Nobody, however, told Lloyd that the Millennium deal was out, he having also been enticed back to comedy production in the country’s hour of need, after a decade of family life, funded by directing commercials including Leslie Nielsen’s Police Squad-aping cider ads, (which led to John turning down a lucrative offer to direct a Naked Gun sequel), and the highly successful Barclaycard series which was at first supposed to star Michael Palin, but evolved into a spy spoof featuring Atkinson as the inept operative Richard Latham. Of his change of career, Lloyd acknowledges, ‘It’s completely, utterly amoral and without justification apart from the fact that I’ve put in my time as a public servant on very small wages for very long hours, and this is a way for me to see my children, which is more important to me than certainly any sort of career I might have had … this is the way of the world: the more worthless your profession – PR people, advertising and marketing, bankers, for God’s sake! – the more you’re paid. It’s an inverse law of worth. It’s rotten to the core, really.’

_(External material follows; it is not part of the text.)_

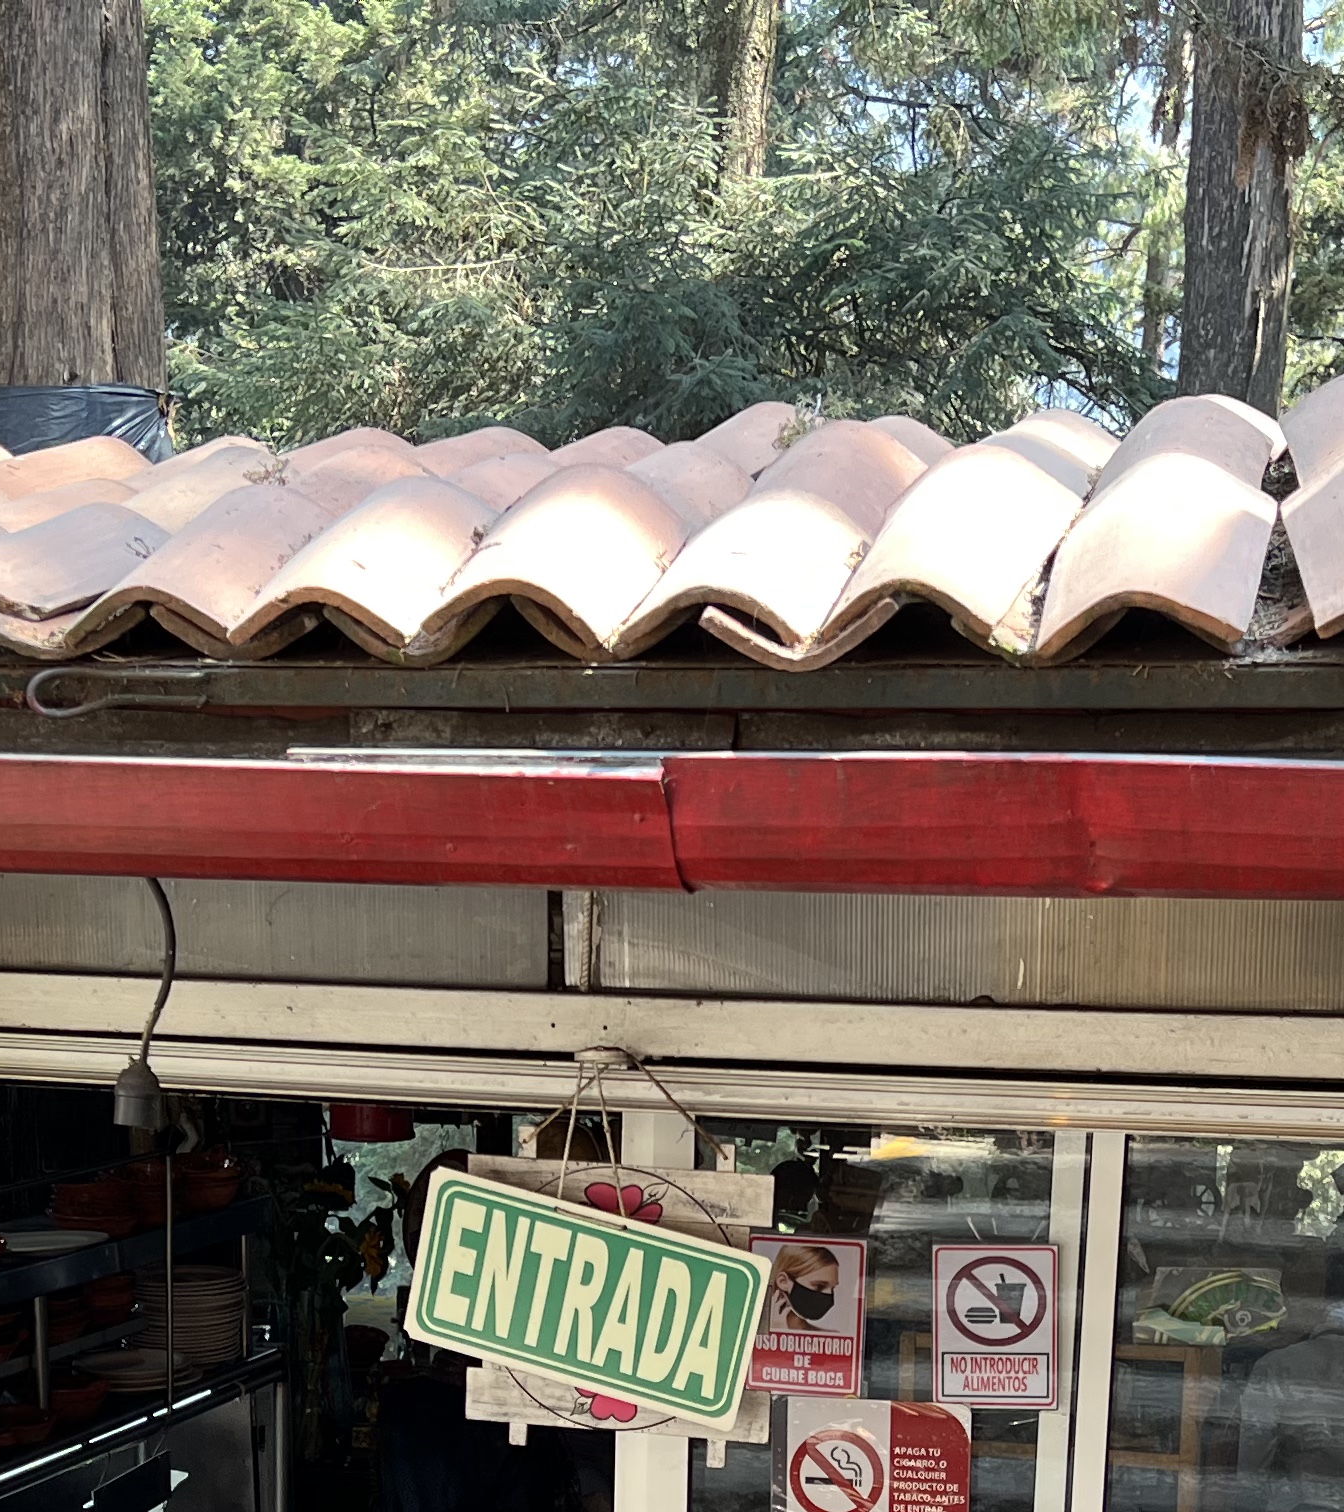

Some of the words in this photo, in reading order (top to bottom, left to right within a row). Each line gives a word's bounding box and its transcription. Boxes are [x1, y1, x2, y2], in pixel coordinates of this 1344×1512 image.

Faced with the task of entertaining Dome visitors, John recalls, ‘Ben wasn’t free, and he and Richard didn’t want to do
it, so I got the job. Because they didn’t want to write it, we were going to do a sort of historical sketch show,fn10 linked by Blackadder and Baldrick. Years ago I said to the BBC that they should invest in doing the history of Britain from a Blackadder perspective. So, slightly like what they’ve done with that rather wonderful adaptation of Terry Deary’s books, Horrible Histories, you can actually do teachable school history, say the Battle of Hastings, and have Tony and Rowan drop in for comments, you know, “Well, Baldrick, what did you think of William the Conqueror?” “Oh, I didn’t like him sir, I thought he was a big fat bastard …” And you’d have proper actors doing sketches and so on. I thought that would be worth spending five years of your life on.’ With Atkinson and Robinson confirmed for this journey through British History, young comic writers including Black Books and late-period Spitting Image scribes Kevin Cecil and Andy Riley were already planning out suitable sketches and links. ‘Then when Ben heard it was going to be done under the Blackadder name without him, he came back with Richard. The other writers who’d been commissioned were let go, and I didn’t hear any more. By the time they’d got it going I wasn’t free, but I wasn’t wanted much anyway. It was very much “let’s get rid of John – he’s annoying”. I was dreadfully hurt and cross, but I bit my tongue and didn’t do anything about it.’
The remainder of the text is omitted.